One of the reasons social capital has generated widespread interest is that researchers have been consistently documenting that social capital has real and significant consequences in all walks of life. The basic argument is that social capital--at the individual as well as the aggregate levels--promotes cooperation, collaboration and coordination, and thereby has a variety of micro and macro level outcomes. Among macro level outcomes are political participation and good governance (Putnam 1995, 2000; DiPasquale and Glaeser 1999), increased judicial efficiency and decreased government corruption (LaPorta et al. 1997), economic performance and regional variations in growth (Knack and Keefer 1997; Serageldin and Grootaert 1999), and rise of high school in the Midwest in the early part of the century (Goldin and Katz 1999). At the micro level, it has been argued that social capital influences cooperative movements (Paldam and Svendsen 2000), income (Narayan and Pritchett 1999), children's school drop out rates (Coleman 1988), labor market outcomes (Putnam 1995; 2000), and the likelihood of positive individual outcomes, especially in the case of disadvantaged youths (Furstenberg and Hughes 1995). It is therefore imperative, that we begin the study of Schmid's view of social capital by studying its consequences.

Schmid's view of social capital is embodied in motives. Schmid classified three motives: sympathy, norm, and reward. He presented a "lost wallet" vignette experiment to study these motives. Schmid, however, did not test the hypothesis that he proposed, namely, the impact that this motive structure has on outcomes such as associational activities. Therefore, to establish this link is a natural follow-up to Schmid. In this paper, we present the results of a survey, The Georgia Social Capital Survey, that conducted the same vignette experiment used by Schmid. (2) Our survey, however, gathered additional information that allowed us to explore links between Schmid's notion of social capital (motives) and its outcomes (various associational activities).

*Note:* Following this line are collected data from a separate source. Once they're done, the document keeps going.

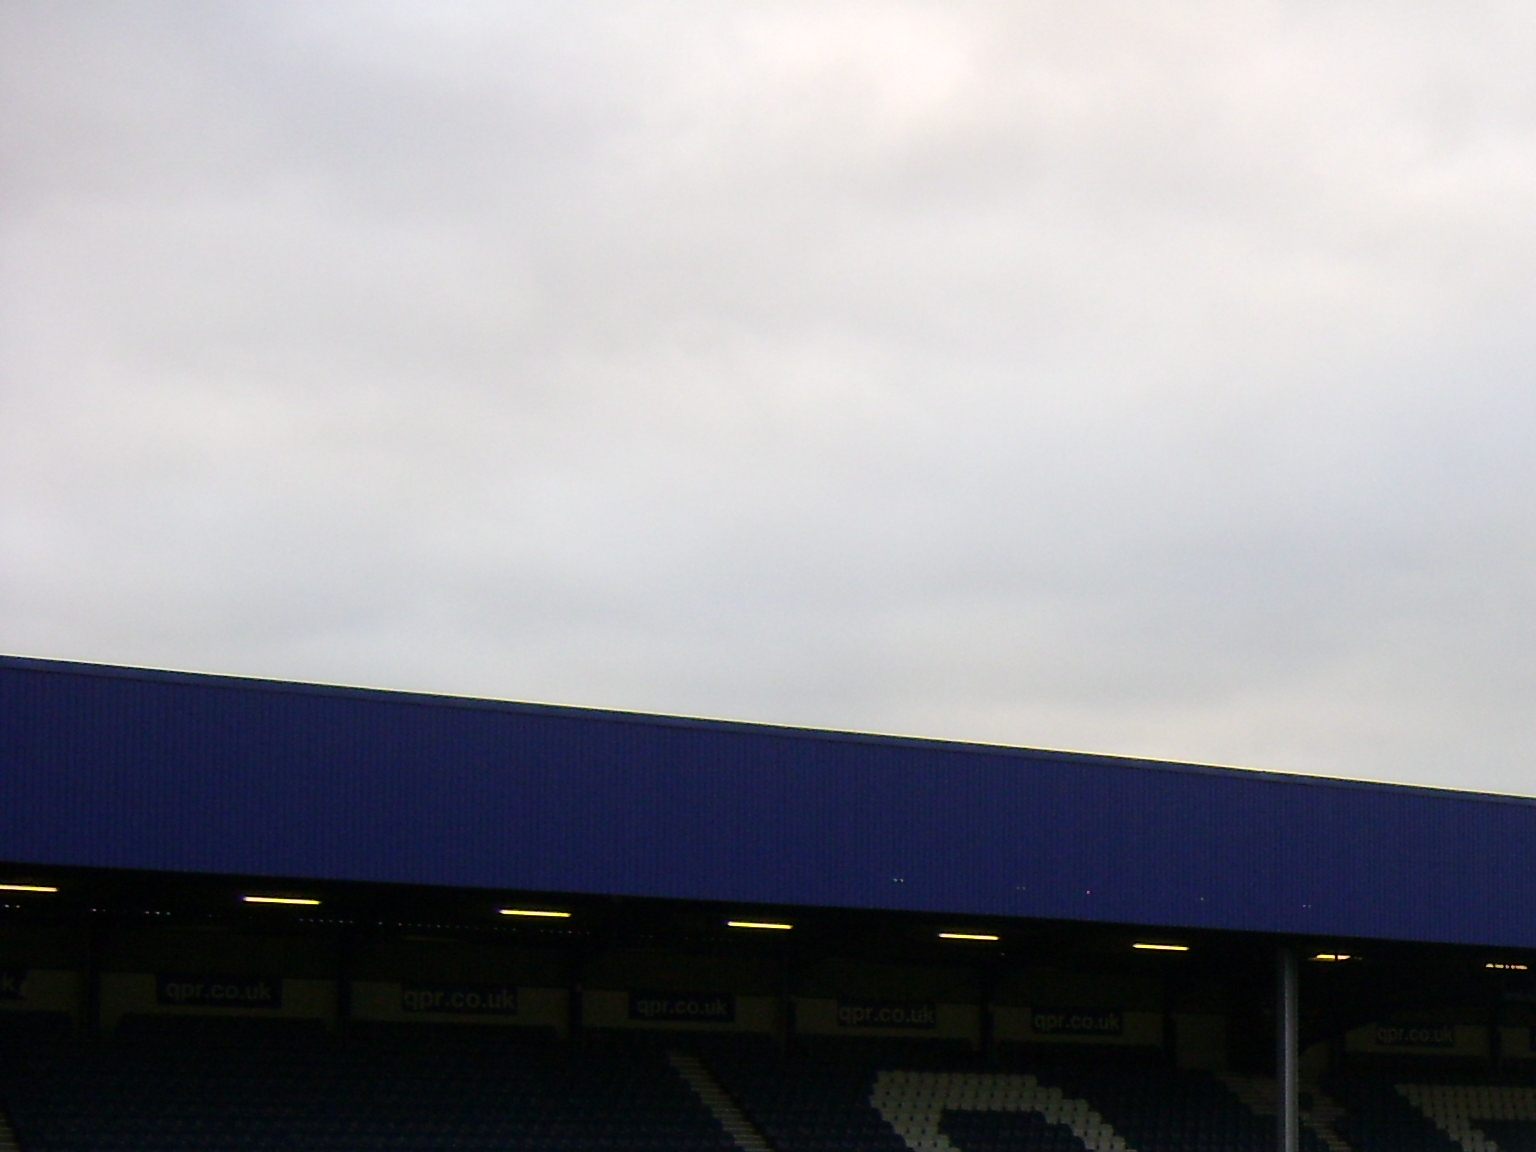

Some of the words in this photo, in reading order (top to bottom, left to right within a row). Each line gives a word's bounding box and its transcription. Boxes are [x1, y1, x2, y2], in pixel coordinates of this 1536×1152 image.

[165, 979, 272, 1002] qpr.co.uk
[404, 987, 517, 1011] qpr.co.uk
[636, 1000, 729, 1017] qpr.co.uk
[838, 1003, 935, 1024] qpr.co.uk
[1034, 1012, 1120, 1032] qpr.co.uk

The outcome itself, namely associational activities, is the subject of widespread interest among social capital researchers. Robert Putnam's research is well-known for linking associational activities with a variety of social attributes. In John Helliwell and Robert Putnam (2000), an index of associations, among other measures, is associated with higher growth. Edward Miguel, Paul Gertler, and David I. Levine (2001) show that industrialization is associated with the rising density of organizations. Dora Costa and Matthew Kahn (2003) show that the decline in volunteering is strongly related to higher female labor force participation. Abdul Munasib and Jeffrey Jordan (2005) found that associational activities have positive effects on the environmental awareness of farmers. Sjoerd Beugelsdijk and Ton Van Schaik (2001) found that in European regions, group participation helps explain growth. Deepa Narayan and Lant Pritchett (1999), using household data from rural Tanzania, show that indices based on memberships in groups, characteristics of the groups, and household values and attitudes, affect per capita household expenditures. Michael Carter and John Maluccio (2003) found that the number of associations in communities and the interaction of family income with community income help ameliorate effects of individual specific economic shocks. In Christiaan Grootaert (2000), an index based on the number of memberships in associations, diversity of memberships, number of meetings of associations, index of participation in decision-making, measure of cash contributions to associations, measure of time contributions to associations, and the measure of orientation toward the community are statistically significant in explaining per capita household expenditures.

Our preliminary analysis showed that there are some correlations among associational involvements and motives, particularly sympathy and norm. However, when we employed regression analysis and included additional controls to explain variations in the measures of associational involvements, we found that the motive structure matters less. We also studied the determinants of motives and concluded that they may not be adequately explained by observed variables.

Additional questions in our vignette experiment provided additional insights. We reinterpreted what Schmid conceptualized as "motivations for other" as the respondent's level of "generalized trust." Our findings showed that generalized trust has some effect on associational activities, which is consistent with an extensive body of literature that argues that generalized trust promotes cooperation (Coleman 1990; Fukuyama 1995; Paldam 2000).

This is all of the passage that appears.